Players of the productivity game:
Salesforce vs. Adobe
Salesforce aims to be the central source of truth for customer records at B2B companies. Their latest strategy revolves around AI for decision making in sales. This means that their north star would be less about user adoption and more about the amount of customer data they store for their accounts. On the other hand, Adobe Creative Cloud likely focuses on individual subscribers and driving enough engagement to ensure continued subscription.
Product teams need to start their strategic planning by defining the engagement game they are playing. This, along with their business strategy, informs their product north star metric. Getting your engagement game and north star metric right is the core of product strategy and organization. At the end of this chapter you will find a helpful template that will allow you to have this discussion in your own organization.
The engagement game defines much more than the core KPIs a product should track. The specific game you’re playing also dictates fundamental concepts around the product-customer value exchange that you should be designing into your application workflows.
1.4 | Defining customer value exchange for your game
Modern management theory defines a product as a medium of value exchange between a user and a business.
The product offers value to a customer—entertainment, efficiency, status etc.—and the customer in return offers compensation to the business. At the core of building a product that engages users is having a true understanding of the actions within your product that provide realized value to the customer.
These moments of value exchange look different depending on the kind of product you’re building and thus the engagement game you’re playing. These days, business model innovation and digital transformation have broadened the number of ways in which customers can offer this compensation. Apart from one-time or recurring payments, customers can now offer their time by engaging with ads, offer referrals, or simply offer information about their preferences.

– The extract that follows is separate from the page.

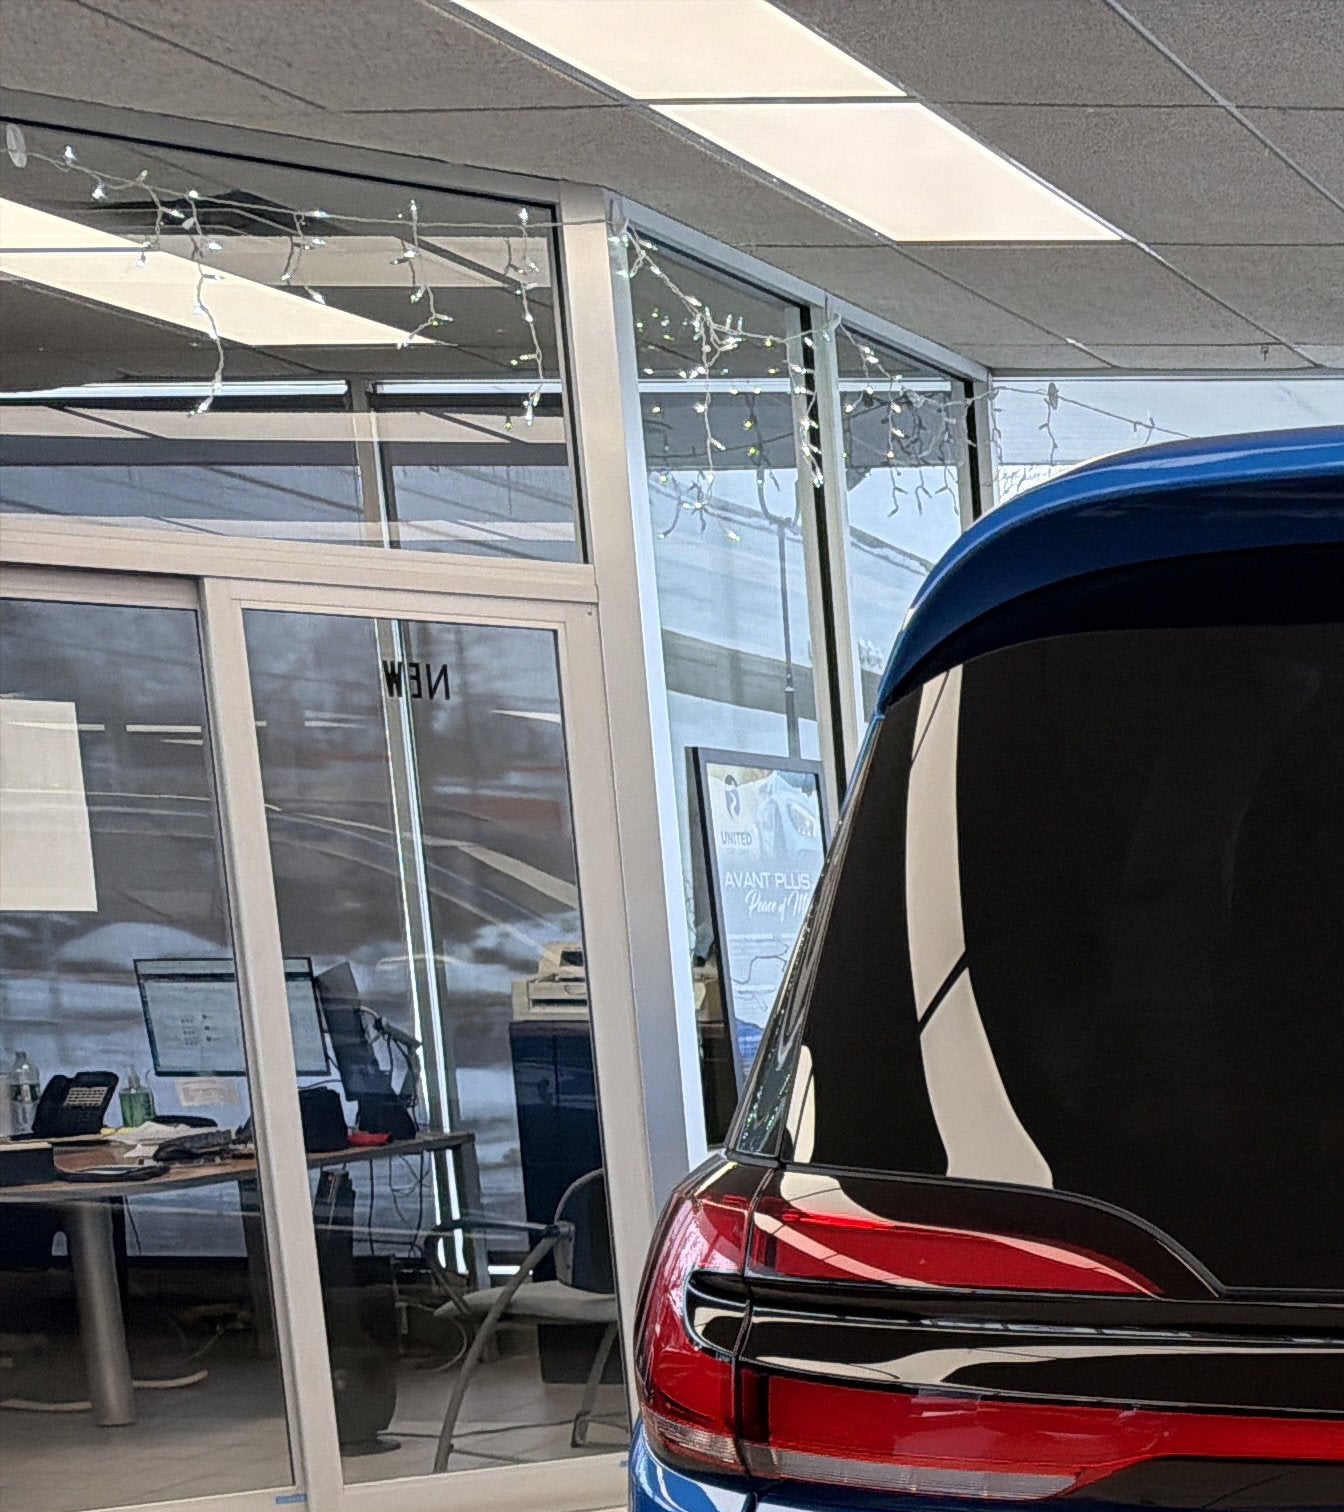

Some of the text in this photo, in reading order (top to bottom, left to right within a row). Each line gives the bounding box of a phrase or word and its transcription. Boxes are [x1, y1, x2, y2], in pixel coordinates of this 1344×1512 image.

[721, 831, 752, 846] UNITED
[724, 872, 811, 890] AVANT PLUS
[745, 889, 778, 918] Peace

Let’s take a look at how to create customer value in each of the three types of engagement games.
Creating customer value in the attention game
When your product is playing the attention game, you are vying for your users’ time. In return, you offer them entertainment, information, stimulation and/or emotional relief. The easier and better you offer this value, the more time customers spend using your product. Industries that typically play this game today are digital media, social media, gaming and other types of products showing you advertisements.
Entertainment, information and self expression are the three core values that an attention product can offer a customer. Great products playing the attention game paint a picture of endless content choice and use customer engagement data to personalize the user experience (more on this in Chapter 4).
For products playing the attention game, your success in creating value for your users can be measured by asking yourself how much of your their time you are capturing. Examples of metrics you might care about are: time spent within the product, number of sessions over a period of time, or how many times users performed a critical event over a period of time.
EXAMPLE
Twitter video plays the attention game
Twitter’s video and live-streaming platform is a prime example of a product playing the attention game. Twitter’s number of daily video views nearly doubled in the past year and contributed to more than half of their ad revenue for two consecutive quarters.
A clear exchange of value had taken place: customers were receiving entertainment and information and the business was receiving ad engagement in exchange. This prompted the social media giant to sign up with companies like NBCUniversal and Walt Disney to offer more news and entertainment in video format .
Creating customer value in the transaction game
Products playing the transaction game generate value via commercial transactions taking place online. Companies you will most often find playing this game are e-commerce platforms—from retail giants to smaller marketplaces and subscription services.
In this game, endless browsing or comparison shopping might boost your vanity metrics but they don’t add value. At the end of the day, you should care about getting users to add things to a cart, enter in their credit card number, and complete their transaction.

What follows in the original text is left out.